Ben plopped down into a chair near Field’s desk. “This doesn’t make any sense.” He pondered for a moment, piecing things together. “Sir, the Anxeliss are the people who abducted me on the Lunar mission. It appears that they’ve held me for the last three years, filling my head with false memories. But I have escaped them. And they are on their way here right now to try to destroy the Establishment and take over the whole Solar System.”
“Normally you’d undergo an extensive debriefing,” said Field. “But under the circumstances, it seems there is some urgency that requires your debriefing be put off. I want you in a consultation position for this, Ben. I’ll form a team, and I want you to create a protocol to deal with the threat. I’ll initiate an alert immediately.”
“Consultation? I should be heading this thing up,” said Ben.
“Not when you’ve been missing for three years, Ben. You know how this works. You should be in a small room with a counselor and a couch, but we need you active right now. However, you can’t take lead, not after three years in captivity, especially considering the mental reconditioning you claim they’ve been doing to you. Now get moving.”
Ben stood and headed out. He found his way to his old office. The door opened for him as it had in the past, reading his DNA. The lights came on, and he smelled the musty, stale smell of three years of disuse.
Strange, if they’d filed me as dead, I’d think they’d have deactivated me by now – wiped my DNA from the system registry, and emptied this office.
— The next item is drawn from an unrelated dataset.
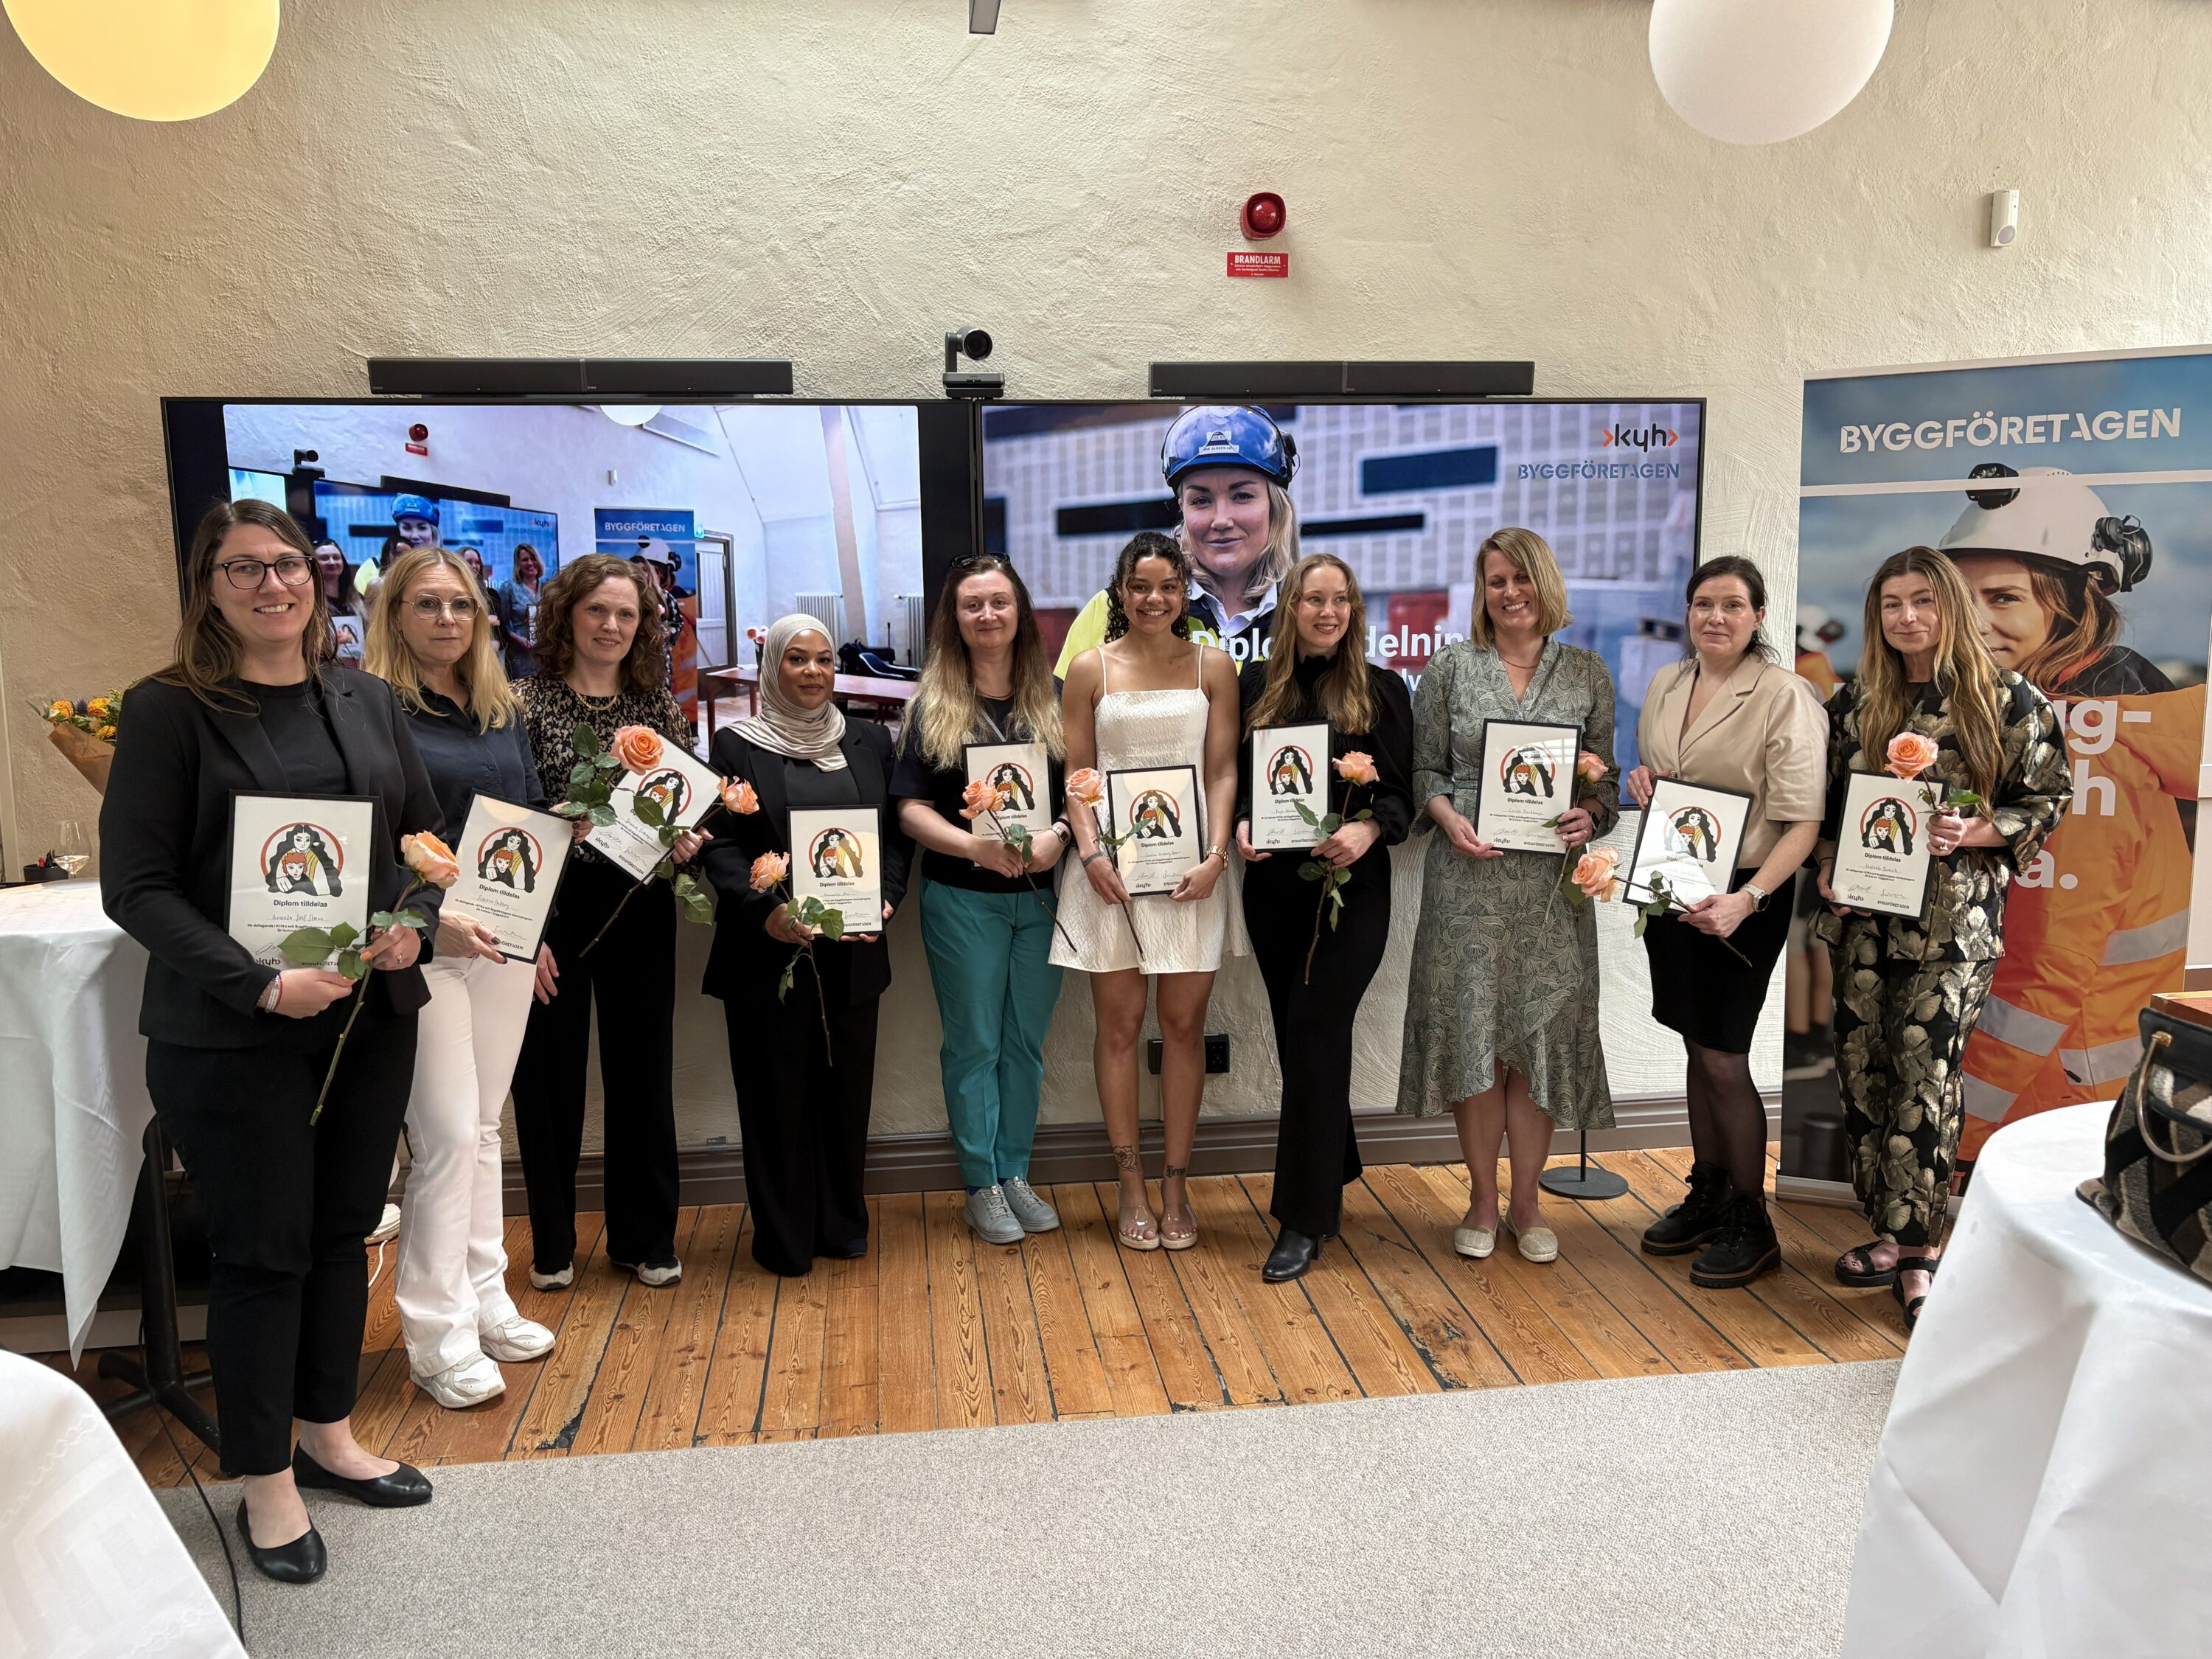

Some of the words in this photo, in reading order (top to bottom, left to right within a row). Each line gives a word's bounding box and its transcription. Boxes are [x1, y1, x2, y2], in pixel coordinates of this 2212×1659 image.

His things were exactly where he’d left them all that time before. On his desk, a small holograph of Olivia sat beside his terminal screen. He turned on the hardware and entered his password, then used the neuro-retinal control to bring up several scenario processing algorithms. While he frantically worked to devise countermeasures to the expected Anxeliss incursion, Field’s face appeared in a new screen to the left of his virtual workspace.
“Ben, I’ve received only four responses to the alert so far. Those four are going to have to be the team.”
“Understood. What’s their ETA?”
“They can all be here in under thirty minutes. All except one, who is on the moon. She’ll be here in about an hour.”
“Alright, thanks. Send them here to my office.”
“Got it. I’m initiating Protocol Seven. I’ll be at Establishment H-Q in Washington to provide personal protection to the System President. Contact me there in one hour with an update.”
Ben returned to running his scenarios. He let the hardware compute some probabilities based on the data he’d supplied, and decided on a priority action plan.